Check repository health metrics (coverage, docs, tests, activity) with scores and recommendations. Part of the DevTools Surf developer suite. Browse more tools in the DevOps / CI-CD collection.
Use Cases
Assess a potential open-source dependency before adding it to a production project.
Generate a health report for your own repositories as part of a quarterly engineering review.
Identify repositories in an organization that need documentation, CI, or test coverage attention.
Screen repositories before acquisition or open-source contribution investment.
Tips
Check test coverage alongside activity metrics — a repository with 500 recent commits but 0% coverage is not healthy, just busy.
README quality matters: repositories without a README have 40–60% lower contribution rates, per GitHub internal research.
Staleness of the last commit is less important than regularity — monthly releases from an active team are healthier than daily commits with no releases.
Fun Facts
GitHub defines 'active' repositories as those with at least one push in the past year.
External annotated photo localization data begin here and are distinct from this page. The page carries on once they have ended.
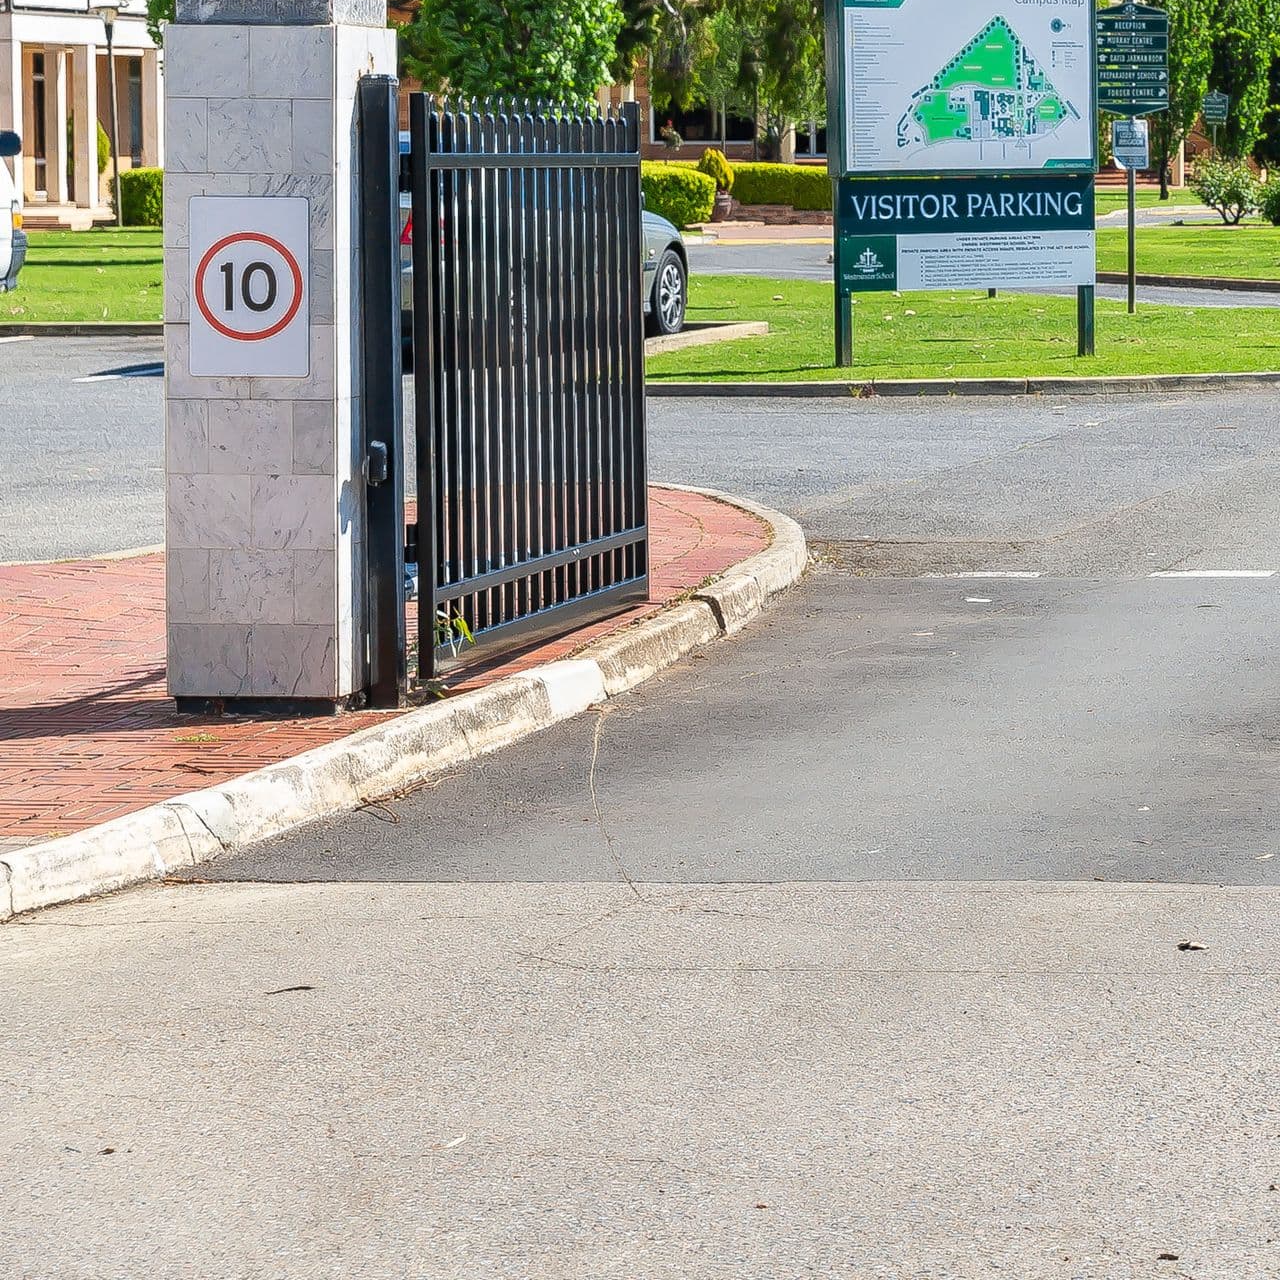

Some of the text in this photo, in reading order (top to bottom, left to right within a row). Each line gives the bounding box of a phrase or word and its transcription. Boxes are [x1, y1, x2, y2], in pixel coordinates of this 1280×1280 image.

[1114, 21, 1146, 30] RECEPTION
[1132, 36, 1153, 45] CENTRE
[1099, 71, 1158, 80] PREPARATORY SCHOOL
[1132, 88, 1154, 97] CENTRE
[851, 192, 1083, 220] VISITOR PARKING
[220, 261, 277, 312] 10
As of 2023, over 400 million public repositories exist on GitHub, but fewer than 10% are actively maintained.
The OpenSSF Scorecard project, launched by Google and the Open Source Security Foundation in 2020, automated repository health scoring specifically for security posture across 10+ dimensions.
Studies of open-source projects found that the probability of project abandonment increases 60% after the first maintainer goes dormant for 90 days, highlighting how dependent health is on individual contributors.
FAQ
What health metrics matter most for a library dependency?
Recent commit activity (last 90 days), open issue response time, test coverage, presence of CI, and license clarity. For security-sensitive dependencies, also check: signed releases and published CVE response history.
How do I improve repository health score quickly?
Add or improve README (highest single-metric impact), add a LICENSE file, configure CI with a test run, and add a CONTRIBUTING.md. These four items address the most common health deficits.